Portage County District Attorney
- In office January 7, 2013 – June 2022
- Preceded by: Thomas B. Eagon
- Succeeded by: Cass Cousins

Member of the Wisconsin State Assembly from the 71st district
- In office August 11, 2003 – January 7, 2013
- Preceded by: Julie Lassa
- Succeeded by: Katrina Shankland

Personal details
- Born: January 6, 1974 (age 52) Stevens Point, Wisconsin
- Party: Democratic
- Spouse: Raquel Lynn Vechinski ​ ​(m. 2013)​
- Children: 3
- Alma mater: University of Wisconsin–Madison Marquette University Law School
- Profession: attorney
- Website: Campaign website

= Louis Molepske =

21st century American politician and attorney

Louis John Molepske Jr. (born January 6, 1974) is an American attorney, judge, and Democratic politician. He is a Wisconsin circuit court judge in Portage County, Wisconsin, since 2022. He previously served nine years as district attorney, and was a member of the Wisconsin State Assembly for ten years before that.

==Early life and education==
Louis Molepske was born and raised in Stevens Point, Wisconsin.
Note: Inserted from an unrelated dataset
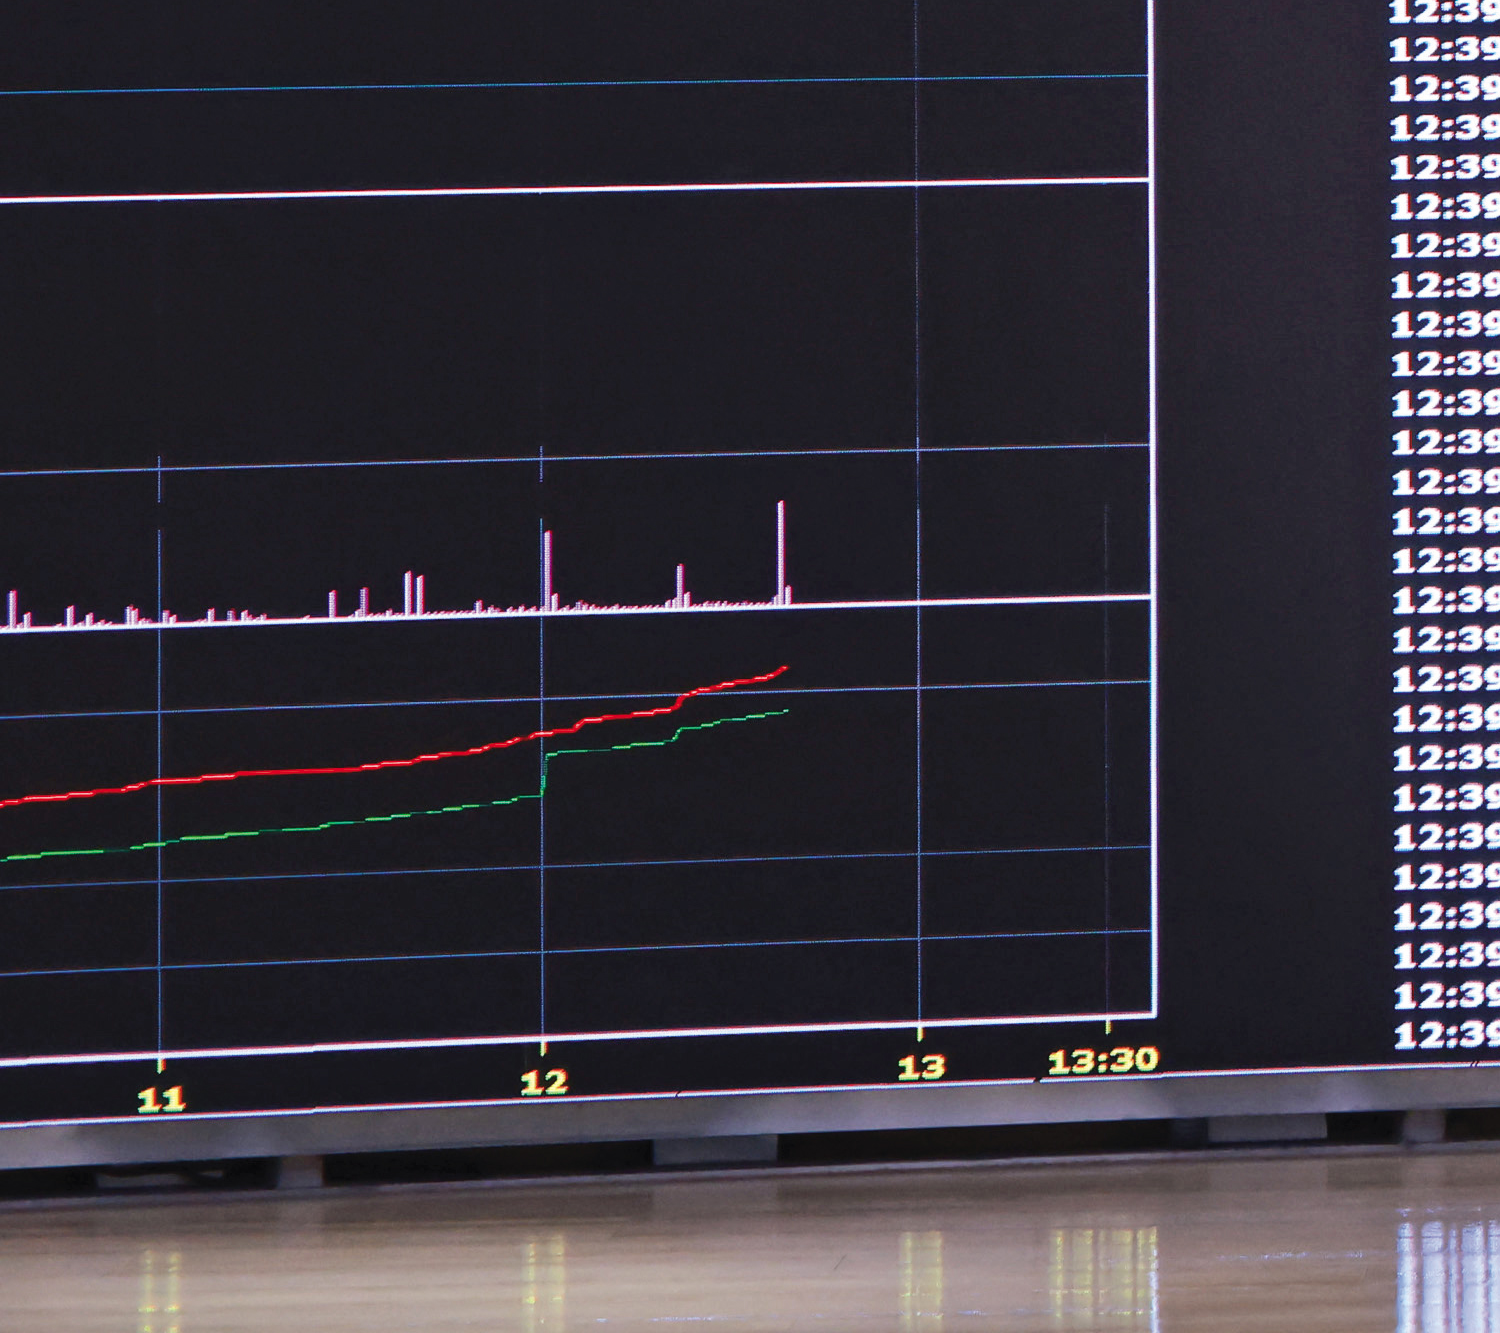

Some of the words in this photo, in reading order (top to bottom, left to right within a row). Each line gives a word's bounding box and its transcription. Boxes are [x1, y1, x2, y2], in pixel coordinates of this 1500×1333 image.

He graduated from Stevens Point Area Senior High School in 1993 and went on to earn his bachelor's degree in political science from the University of Wisconsin–Madison. He then attended Marquette University Law School, where he earned his J.D. in 2001. While in high school, he wrote for a student section included in the Stevens Point daily newspaper, the Stevens Point Journal.

==Political career==
After completing law school, he went to work in the city government of Stevens Point. He first worked as an assistant to his father, the city attorney, and then as an assistant to the mayor, Gary Wescott, and finally as a special prosecutor in the office of the district attorney, Tom Eagon.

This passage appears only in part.